Un appuntamento che parte dallo sport ma va ben oltre, perché ormai la “Cicloturistica Avis Città di MontevarchI” è diventata un volano per l’economia del territorio e un evento dal forte richiamo per gli appassionati delle due ruote. La conferma arriva a dai numeri dei partecipanti dell’edizione 2026 in programma il 12 e 13 settembre prossimi, già a quota 500, e che quest’anno potrebbero toccare il tetto massimo del sold-out fissato dai promotori a 600. Soglia definitiva per garantire sicurezza e qualità logistica della manifestazione.

La due giorni strizza l’occhio anche alla solidarietà perché promuove il gesto prezioso e fondamentale del dono del sangue e, per inciso, la sezione montevarchina dell’Avis da cui è nato il Gruppo Sportivo, guidato dal presidente Franco Tofanelli, festeggia nell’occasione il 75° anniversario della fondazione. Al di là del fattore agonistico e solidale, però, il dato più significativo della kermesse settembrina risiede proprio nelle ricadute economiche sulla vallata, sempre più al centro delle rotte di chi ama un turismo slow e sostenibile. Rispetto allo scorso anno infatti è raddoppiata la presenza di ciclisti e accompagnatori provenienti da fuori regione, in rappresentanza di oltre 82 società sportive della penisola. Un flusso di persone che saranno accolte da alberghi, bed and breakfast e strutture ricettive, dove già si registra un picco di prenotazioni di pernottamenti, e dell’impennata di presenze beneficeranno anche gli operatori della ristorazione, del commercio e dell’artigianato locale.
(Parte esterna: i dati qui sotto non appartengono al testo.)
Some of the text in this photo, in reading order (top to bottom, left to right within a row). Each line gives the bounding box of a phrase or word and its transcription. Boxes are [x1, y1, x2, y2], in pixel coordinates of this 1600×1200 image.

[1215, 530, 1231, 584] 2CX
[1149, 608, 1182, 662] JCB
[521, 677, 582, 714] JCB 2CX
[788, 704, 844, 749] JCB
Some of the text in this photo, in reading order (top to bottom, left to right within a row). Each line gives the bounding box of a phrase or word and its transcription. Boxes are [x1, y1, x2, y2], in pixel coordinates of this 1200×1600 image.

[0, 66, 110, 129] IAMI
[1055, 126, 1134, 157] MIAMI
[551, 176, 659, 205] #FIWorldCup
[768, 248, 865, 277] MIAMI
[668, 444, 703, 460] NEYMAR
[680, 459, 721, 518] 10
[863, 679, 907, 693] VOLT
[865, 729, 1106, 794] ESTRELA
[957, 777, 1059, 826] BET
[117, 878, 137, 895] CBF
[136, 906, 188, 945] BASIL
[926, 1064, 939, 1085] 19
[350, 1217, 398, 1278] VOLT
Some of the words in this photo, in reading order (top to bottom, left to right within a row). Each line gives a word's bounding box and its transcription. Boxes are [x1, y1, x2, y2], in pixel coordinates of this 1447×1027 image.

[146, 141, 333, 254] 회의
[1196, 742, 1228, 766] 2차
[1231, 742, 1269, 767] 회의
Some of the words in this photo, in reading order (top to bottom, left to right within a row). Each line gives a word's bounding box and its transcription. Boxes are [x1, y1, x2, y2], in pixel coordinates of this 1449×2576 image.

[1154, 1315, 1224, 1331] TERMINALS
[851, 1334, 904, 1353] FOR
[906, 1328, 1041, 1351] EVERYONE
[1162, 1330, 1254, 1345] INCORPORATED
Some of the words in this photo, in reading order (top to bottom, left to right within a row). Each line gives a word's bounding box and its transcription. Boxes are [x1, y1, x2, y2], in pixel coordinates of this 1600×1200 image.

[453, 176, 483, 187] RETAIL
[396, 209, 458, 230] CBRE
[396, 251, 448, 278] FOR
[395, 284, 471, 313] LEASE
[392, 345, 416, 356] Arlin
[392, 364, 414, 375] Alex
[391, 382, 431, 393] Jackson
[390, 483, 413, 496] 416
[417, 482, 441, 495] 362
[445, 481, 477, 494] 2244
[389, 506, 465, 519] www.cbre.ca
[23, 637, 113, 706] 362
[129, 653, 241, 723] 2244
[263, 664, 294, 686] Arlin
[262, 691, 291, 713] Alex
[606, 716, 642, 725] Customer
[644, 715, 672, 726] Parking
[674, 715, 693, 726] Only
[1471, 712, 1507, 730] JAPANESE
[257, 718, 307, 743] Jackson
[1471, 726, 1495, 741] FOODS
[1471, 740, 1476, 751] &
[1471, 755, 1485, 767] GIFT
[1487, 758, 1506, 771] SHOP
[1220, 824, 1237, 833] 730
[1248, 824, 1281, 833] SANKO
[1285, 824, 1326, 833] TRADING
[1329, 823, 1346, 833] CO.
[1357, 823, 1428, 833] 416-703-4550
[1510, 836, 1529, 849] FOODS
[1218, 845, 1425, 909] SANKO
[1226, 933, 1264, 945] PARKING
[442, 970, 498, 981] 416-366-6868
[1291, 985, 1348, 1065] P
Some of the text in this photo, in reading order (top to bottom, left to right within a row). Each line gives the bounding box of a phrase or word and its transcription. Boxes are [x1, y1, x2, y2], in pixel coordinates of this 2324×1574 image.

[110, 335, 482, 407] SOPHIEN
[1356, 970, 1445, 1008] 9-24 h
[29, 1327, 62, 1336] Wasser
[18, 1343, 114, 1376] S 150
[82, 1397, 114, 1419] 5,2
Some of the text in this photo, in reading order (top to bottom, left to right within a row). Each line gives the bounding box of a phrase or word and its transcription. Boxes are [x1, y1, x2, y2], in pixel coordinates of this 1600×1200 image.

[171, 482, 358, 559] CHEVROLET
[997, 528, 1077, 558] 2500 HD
Ad attrarre gli amanti della bicicletta i tre percorsi previsti, da 128, 84 e 67 chilometri, curati dal responsabile Marco Preteni e concepiti per offrire esperienze diverse e valorizzare il comprensorio tra Chianti e Pratomagno. A questo si aggiunge la sinergia con “Marchesi in Festa”, che animerà l’omonima piazza in viale Matteotti per due giorni tra Schiuma Party, DJ set, stand enogastronomici, intrattenimento per bambini e musica dal vivo. Il momento clou sarà la partenza quando i cicloturisti sfileranno nel cuore della mandorla medievale, toccando il Cassero e via Roma, prima di immergersi nella natura. L’invito degli organizzatori rivolto alla cittadinanza è di accogliere gli atleti lungo le strade per mostrare il calore della comunità.